### Exercise
Ignoring every picture, transcribe the data in full as it stands.

'''

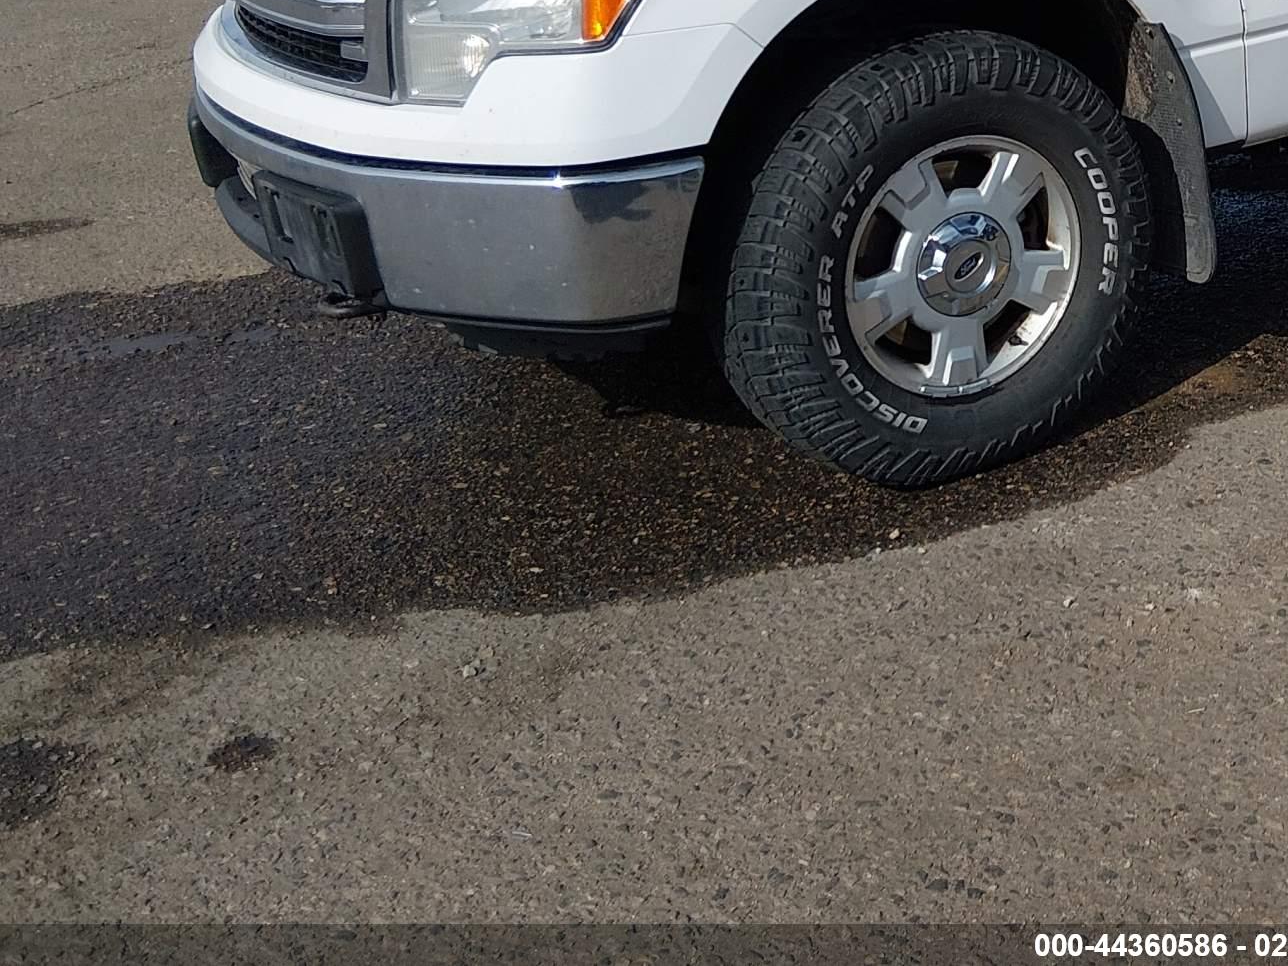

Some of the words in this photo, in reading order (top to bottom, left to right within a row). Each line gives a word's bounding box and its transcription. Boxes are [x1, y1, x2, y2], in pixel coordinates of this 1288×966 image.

[830, 164, 875, 239] ATP
[1074, 146, 1120, 296] COOPER
[816, 254, 928, 434] DISCOVERER
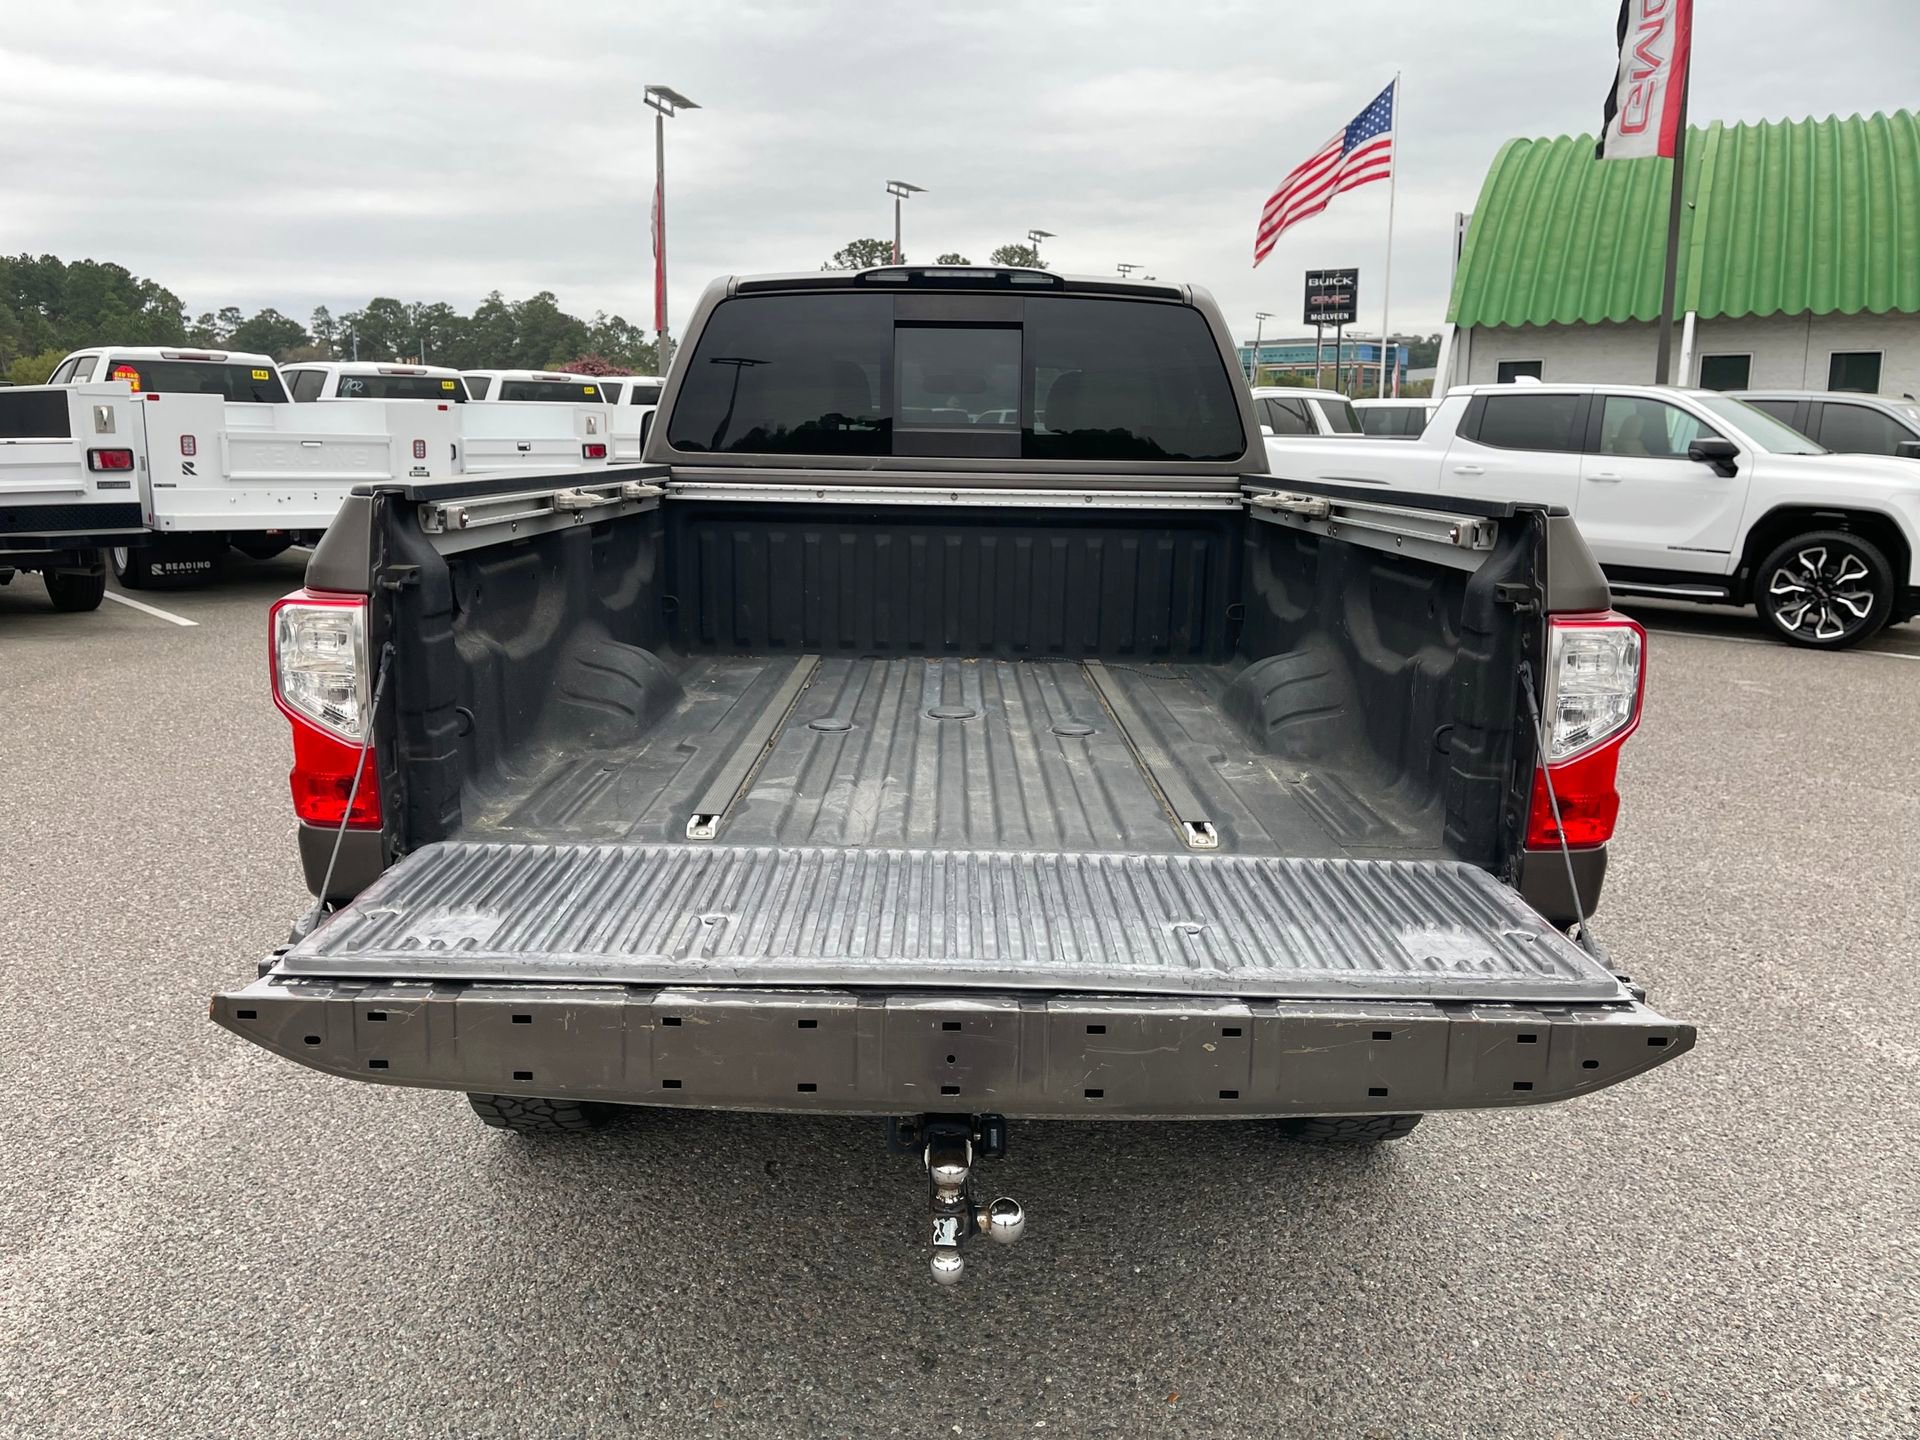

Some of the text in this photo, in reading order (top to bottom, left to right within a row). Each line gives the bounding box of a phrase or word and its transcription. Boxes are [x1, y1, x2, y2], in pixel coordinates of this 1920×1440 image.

[1308, 276, 1353, 286] BUICK
[1310, 294, 1350, 304] GMC
[340, 377, 364, 392] 1702
[165, 561, 211, 570] READING

'''

### Solution to the problem
Some of the words in this photo, in reading order (top to bottom, left to right within a row). Each line gives a word's bounding box and its transcription. Boxes are [x1, y1, x2, y2], in pixel coordinates of this 1288×966 image.

[830, 164, 875, 239] ATP
[1074, 146, 1120, 296] COOPER
[816, 254, 928, 434] DISCOVERER

Some of the text in this photo, in reading order (top to bottom, left to right within a row). Each line gives the bounding box of a phrase or word and its transcription. Boxes are [x1, y1, x2, y2], in pixel coordinates of this 1920×1440 image.

[1308, 276, 1353, 286] BUICK
[1310, 294, 1350, 304] GMC
[340, 377, 364, 392] 1702
[165, 561, 211, 570] READING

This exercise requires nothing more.